▸ **To do**:
Omit all pictures, then retype the data exactly as given.

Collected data
★ ★ ★

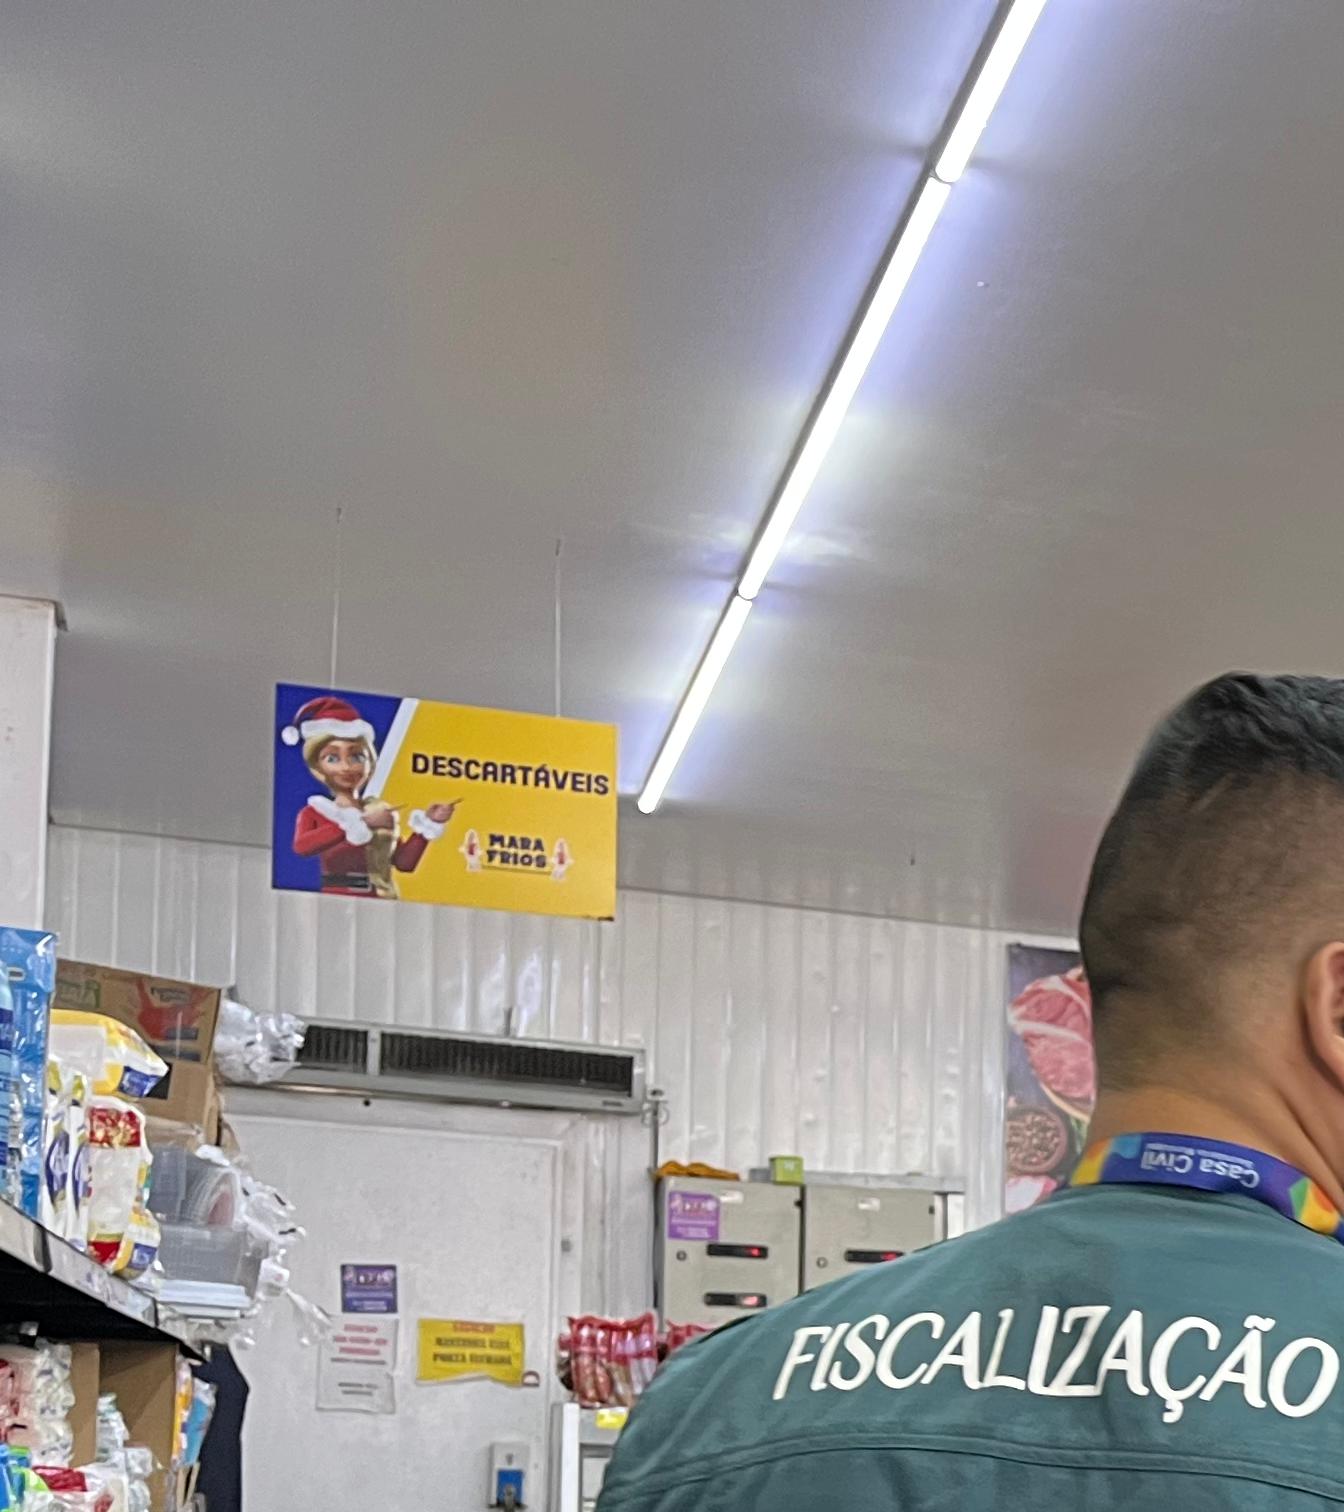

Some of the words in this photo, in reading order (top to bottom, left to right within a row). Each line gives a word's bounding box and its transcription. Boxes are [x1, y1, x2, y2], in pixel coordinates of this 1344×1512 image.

[412, 752, 609, 795] DESCARTÁVEIS
[486, 850, 547, 868] FRIOS
[1140, 1148, 1193, 1175] Civil
[1199, 1160, 1261, 1188] Casa
[773, 1305, 1340, 1423] FISCALIZAÇÃO
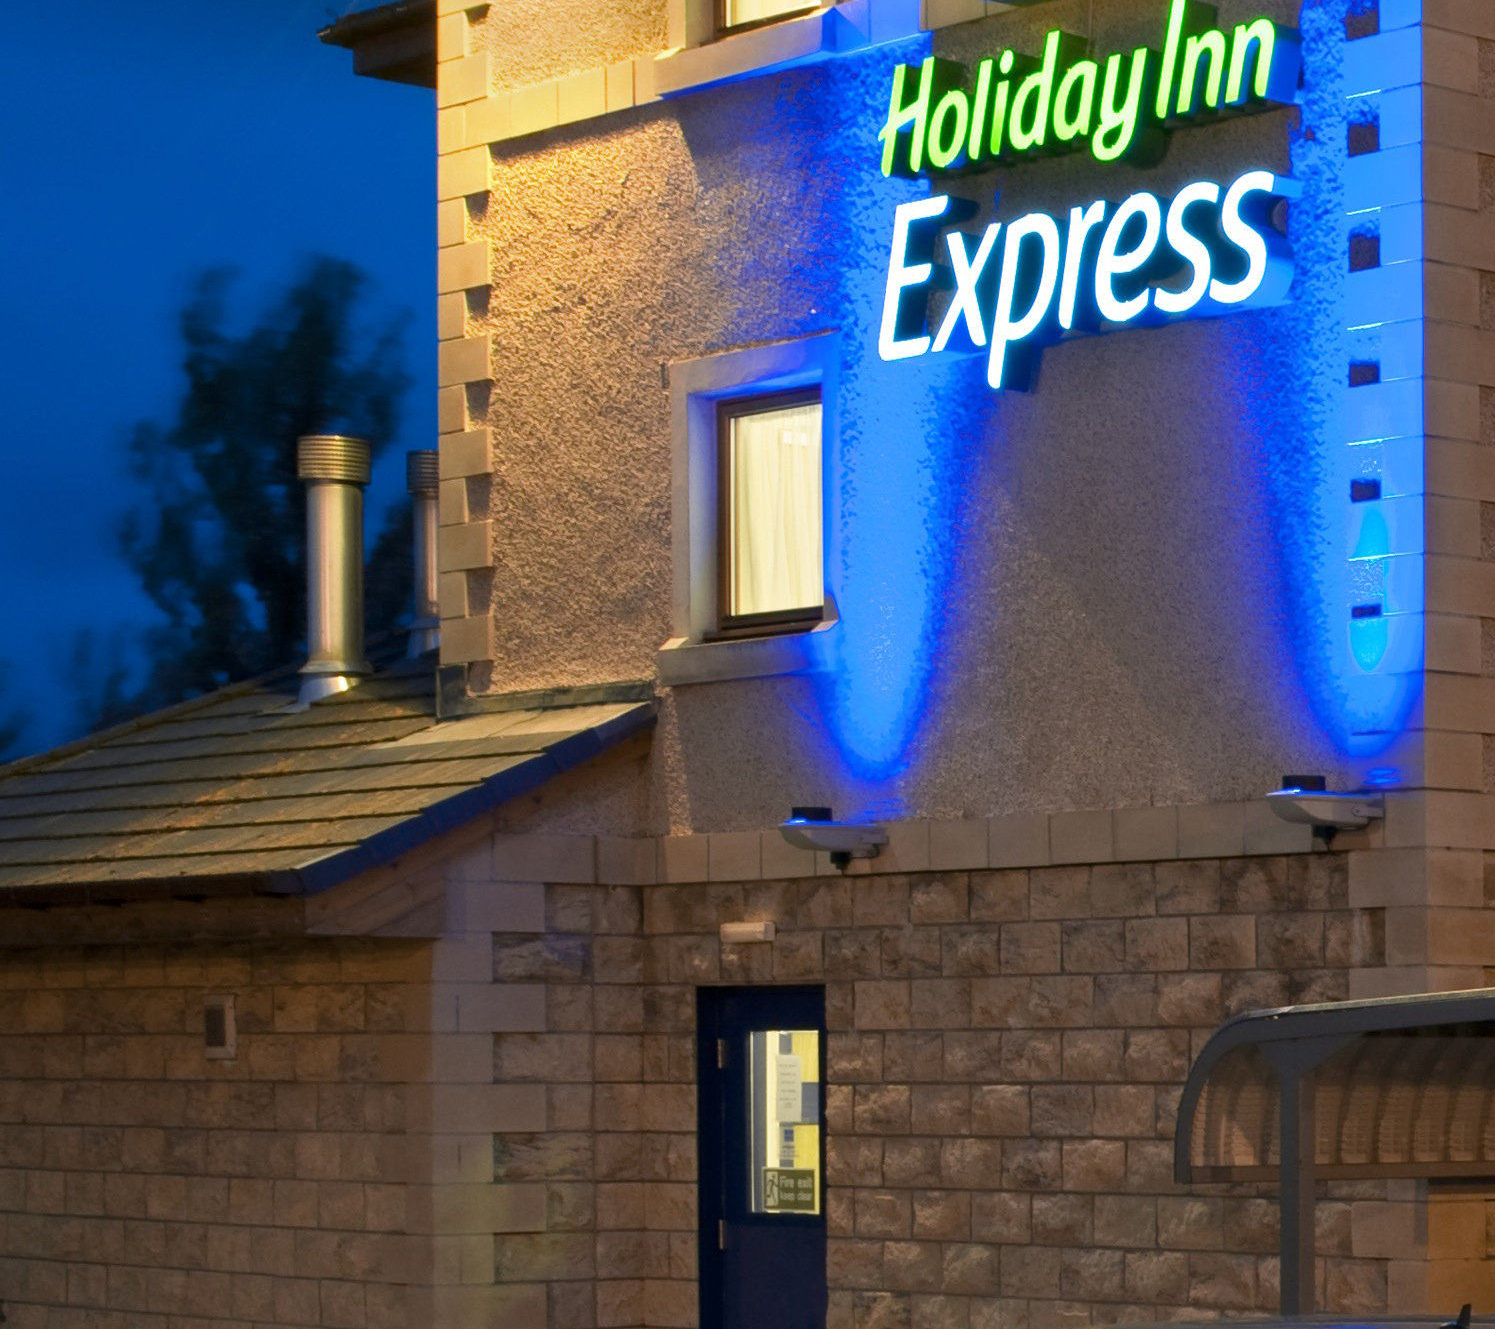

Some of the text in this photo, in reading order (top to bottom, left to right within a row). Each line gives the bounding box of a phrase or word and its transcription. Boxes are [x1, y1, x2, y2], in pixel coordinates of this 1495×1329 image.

[878, 29, 1147, 179] Holiday
[878, 169, 1277, 390] Express
[780, 1174, 813, 1189] Fire exit

★ ★ ★

▸ **Answer box**:
Some of the words in this photo, in reading order (top to bottom, left to right within a row). Each line gives a word's bounding box and its transcription. Boxes are [x1, y1, x2, y2], in pixel coordinates of this 1344×1512 image.

[412, 752, 609, 795] DESCARTÁVEIS
[486, 850, 547, 868] FRIOS
[1140, 1148, 1193, 1175] Civil
[1199, 1160, 1261, 1188] Casa
[773, 1305, 1340, 1423] FISCALIZAÇÃO

Some of the text in this photo, in reading order (top to bottom, left to right within a row). Each line gives the bounding box of a phrase or word and its transcription. Boxes are [x1, y1, x2, y2], in pixel coordinates of this 1495×1329 image.

[878, 29, 1147, 179] Holiday
[878, 169, 1277, 390] Express
[780, 1174, 813, 1189] Fire exit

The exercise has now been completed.